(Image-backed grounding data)

╔══

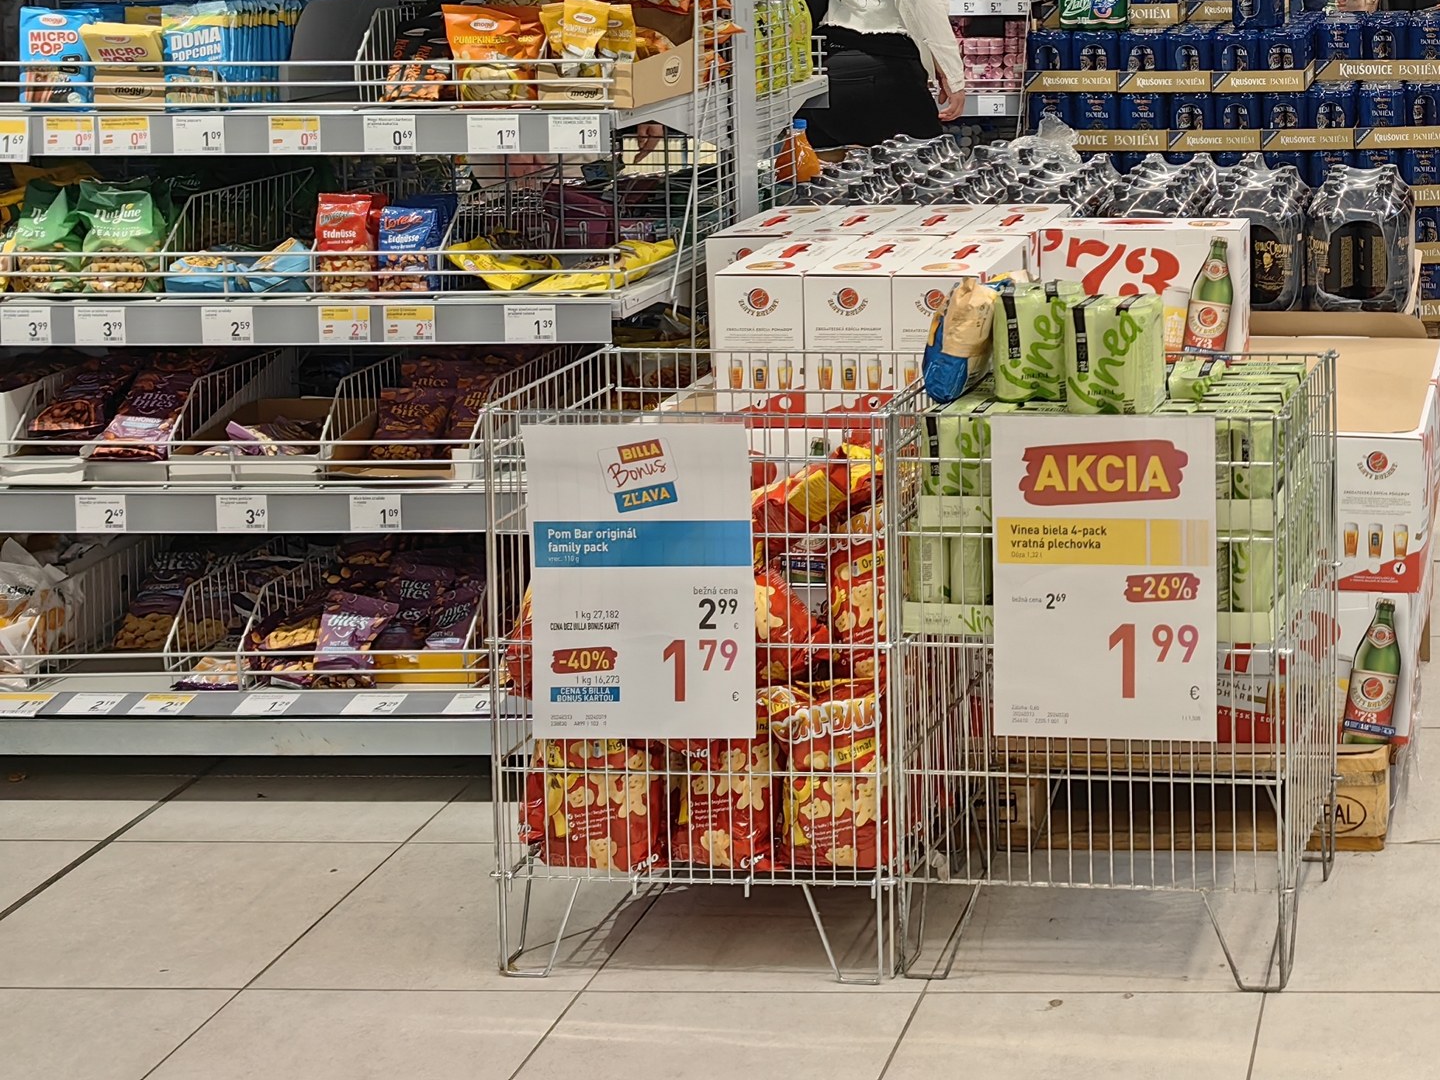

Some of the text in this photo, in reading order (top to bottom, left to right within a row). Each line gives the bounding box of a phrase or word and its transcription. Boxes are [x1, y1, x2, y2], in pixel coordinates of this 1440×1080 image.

[29, 30, 78, 43] MICRO
[170, 26, 220, 51] DOMA
[30, 42, 63, 55] POP
[99, 46, 147, 58] MICRO
[171, 44, 222, 62] POPCORN
[1339, 62, 1393, 79] KRUŠOVICE
[1042, 76, 1079, 86] KRUŠOVICE
[1136, 76, 1172, 87] KRUŠOVICE
[1230, 76, 1266, 87] KRUŠOVICE
[1114, 132, 1159, 147] BOHÉM
[1186, 135, 1223, 145] KRUŠOVICE
[1280, 134, 1316, 145] KRUŠOVICE
[1374, 132, 1410, 142] KRUŠOVICE
[91, 227, 143, 239] PEANUTS
[322, 229, 357, 239] Erdnüsse
[387, 233, 420, 244] Erdnüsse
[621, 442, 661, 463] BILLA
[607, 459, 667, 488] Bonus
[1033, 454, 1172, 493] AKCIA
[622, 487, 672, 508] ZĽAVA
[547, 527, 637, 542] Pom Bar originál
[1010, 523, 1108, 538] Vinea biela 4-pack
[548, 541, 609, 556] family pack
[1010, 537, 1101, 552] vratná plechovka
[692, 586, 739, 596] bežná cena
[1131, 575, 1193, 600] -26%
[580, 610, 591, 621] kg
[592, 610, 620, 621] 27,182
[604, 622, 620, 631] KARTY
[558, 650, 610, 670] -40%
[580, 675, 592, 686] kg
[593, 675, 620, 685] 16,273
[560, 687, 580, 695] CENA
[588, 687, 610, 695] BILLA
[1189, 685, 1201, 700] €
[556, 694, 581, 702] BONUS
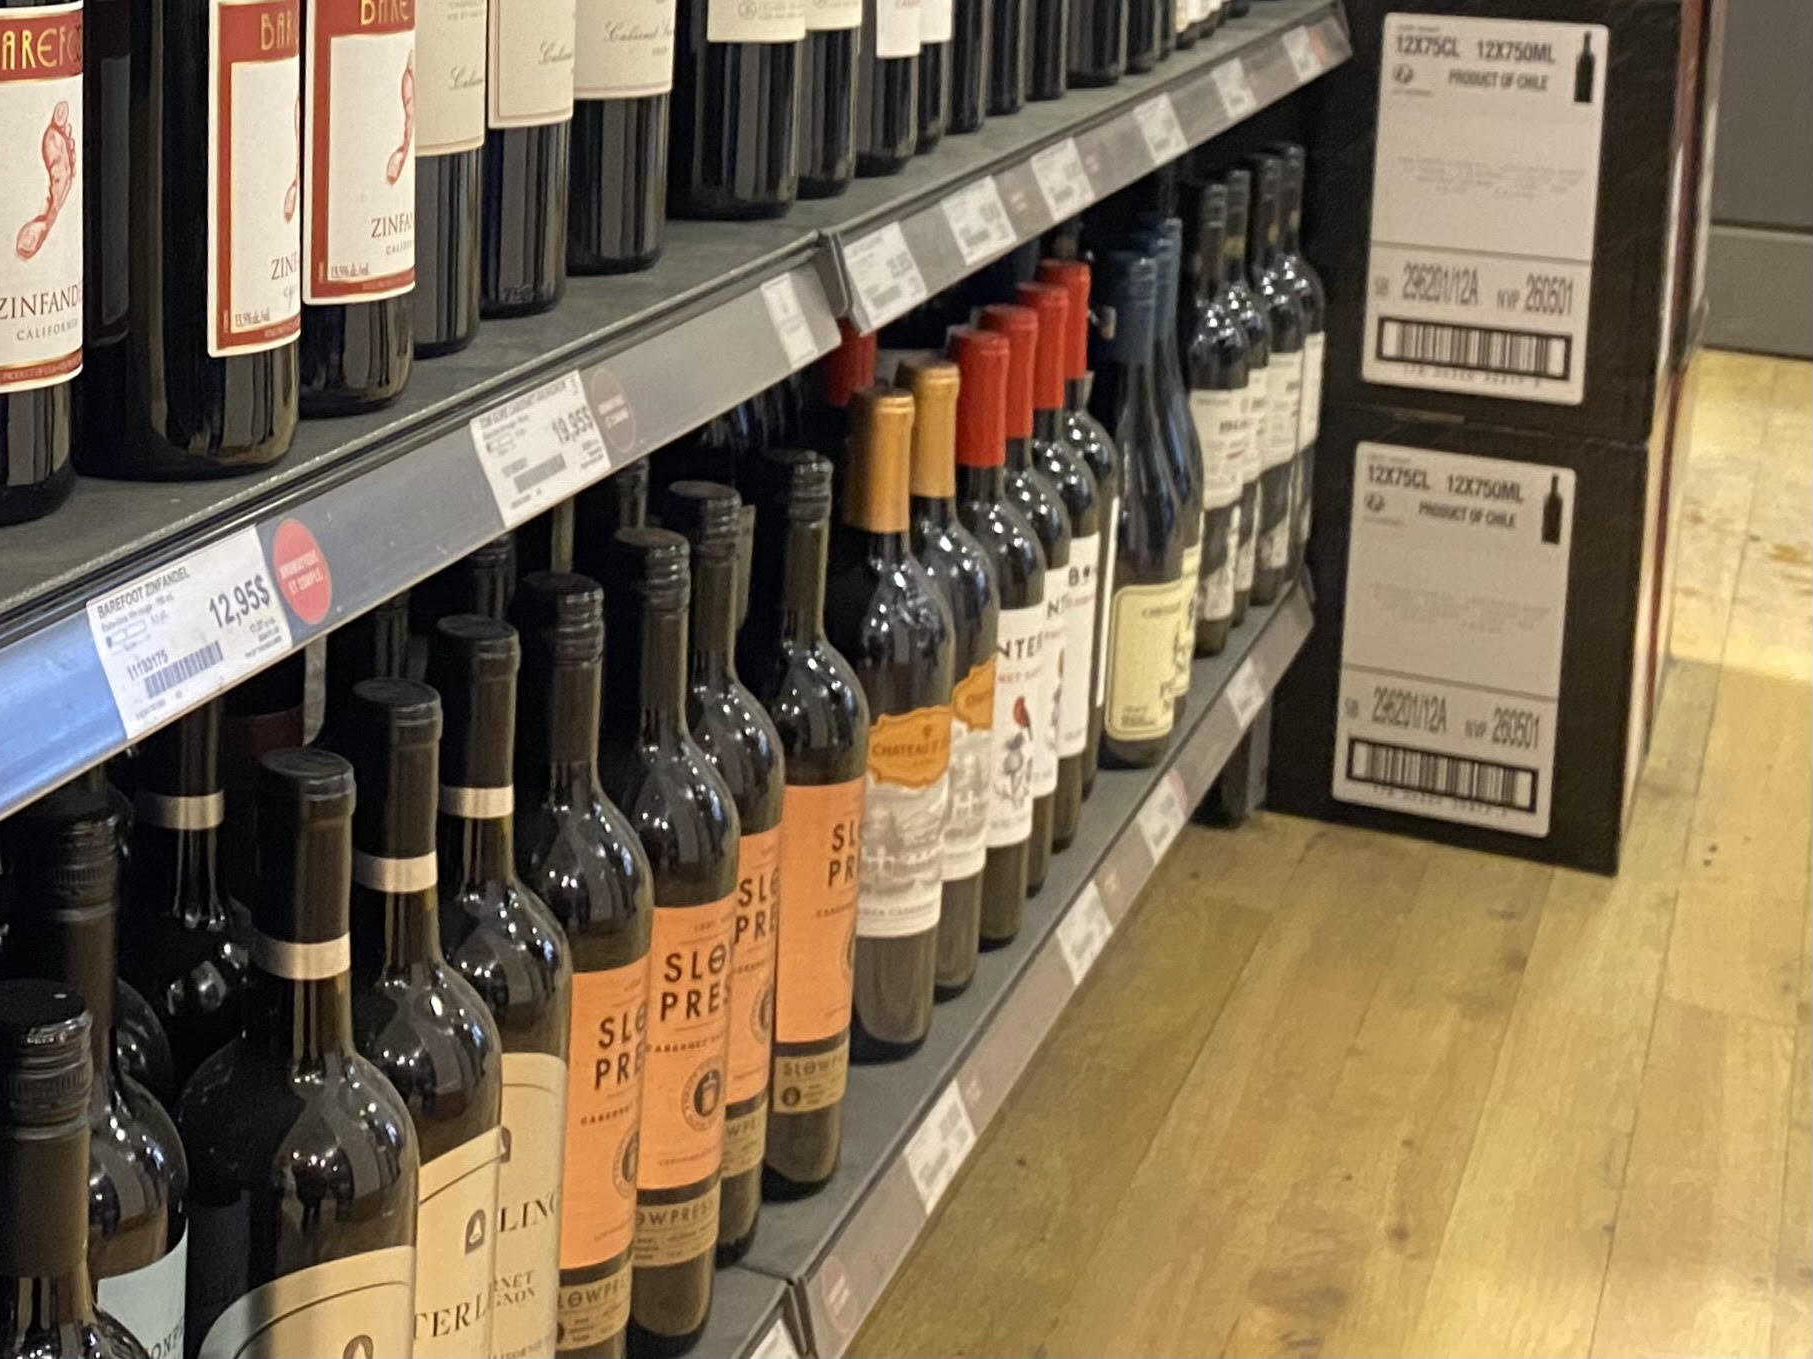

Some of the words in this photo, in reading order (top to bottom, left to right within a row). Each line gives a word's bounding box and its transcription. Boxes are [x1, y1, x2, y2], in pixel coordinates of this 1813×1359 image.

[1396, 36, 1460, 59] 12X75CL
[1477, 41, 1556, 65] 12X750ML
[1448, 69, 1499, 88] PRODUCT
[1500, 72, 1515, 89] OF
[1517, 74, 1549, 92] CHILE
[1524, 273, 1574, 315] 260501
[1366, 463, 1431, 490] 12X75CL
[1447, 474, 1525, 505] 12X750ML
[1418, 501, 1468, 523] PRODUCT
[1469, 507, 1483, 524] OF
[1485, 510, 1517, 529] CHILE
[97, 586, 144, 620] BAREFOOT
[144, 566, 191, 597] ZINFANDEL

╚══

When pictures appear among the entries, skip them and copy all remaining text precisely.

◆ Solution below:
Some of the text in this photo, in reading order (top to bottom, left to right within a row). Each line gives the bounding box of a phrase or word and its transcription. Boxes are [x1, y1, x2, y2], in pixel coordinates of this 1440×1080 image.

[29, 30, 78, 43] MICRO
[170, 26, 220, 51] DOMA
[30, 42, 63, 55] POP
[99, 46, 147, 58] MICRO
[171, 44, 222, 62] POPCORN
[1339, 62, 1393, 79] KRUŠOVICE
[1042, 76, 1079, 86] KRUŠOVICE
[1136, 76, 1172, 87] KRUŠOVICE
[1230, 76, 1266, 87] KRUŠOVICE
[1114, 132, 1159, 147] BOHÉM
[1186, 135, 1223, 145] KRUŠOVICE
[1280, 134, 1316, 145] KRUŠOVICE
[1374, 132, 1410, 142] KRUŠOVICE
[91, 227, 143, 239] PEANUTS
[322, 229, 357, 239] Erdnüsse
[387, 233, 420, 244] Erdnüsse
[621, 442, 661, 463] BILLA
[607, 459, 667, 488] Bonus
[1033, 454, 1172, 493] AKCIA
[622, 487, 672, 508] ZĽAVA
[547, 527, 637, 542] Pom Bar originál
[1010, 523, 1108, 538] Vinea biela 4-pack
[548, 541, 609, 556] family pack
[1010, 537, 1101, 552] vratná plechovka
[692, 586, 739, 596] bežná cena
[1131, 575, 1193, 600] -26%
[580, 610, 591, 621] kg
[592, 610, 620, 621] 27,182
[604, 622, 620, 631] KARTY
[558, 650, 610, 670] -40%
[580, 675, 592, 686] kg
[593, 675, 620, 685] 16,273
[560, 687, 580, 695] CENA
[588, 687, 610, 695] BILLA
[1189, 685, 1201, 700] €
[556, 694, 581, 702] BONUS

Some of the words in this photo, in reading order (top to bottom, left to right within a row). Each line gives a word's bounding box and its transcription. Boxes are [x1, y1, x2, y2], in pixel coordinates of this 1813×1359 image.

[1396, 36, 1460, 59] 12X75CL
[1477, 41, 1556, 65] 12X750ML
[1448, 69, 1499, 88] PRODUCT
[1500, 72, 1515, 89] OF
[1517, 74, 1549, 92] CHILE
[1524, 273, 1574, 315] 260501
[1366, 463, 1431, 490] 12X75CL
[1447, 474, 1525, 505] 12X750ML
[1418, 501, 1468, 523] PRODUCT
[1469, 507, 1483, 524] OF
[1485, 510, 1517, 529] CHILE
[97, 586, 144, 620] BAREFOOT
[144, 566, 191, 597] ZINFANDEL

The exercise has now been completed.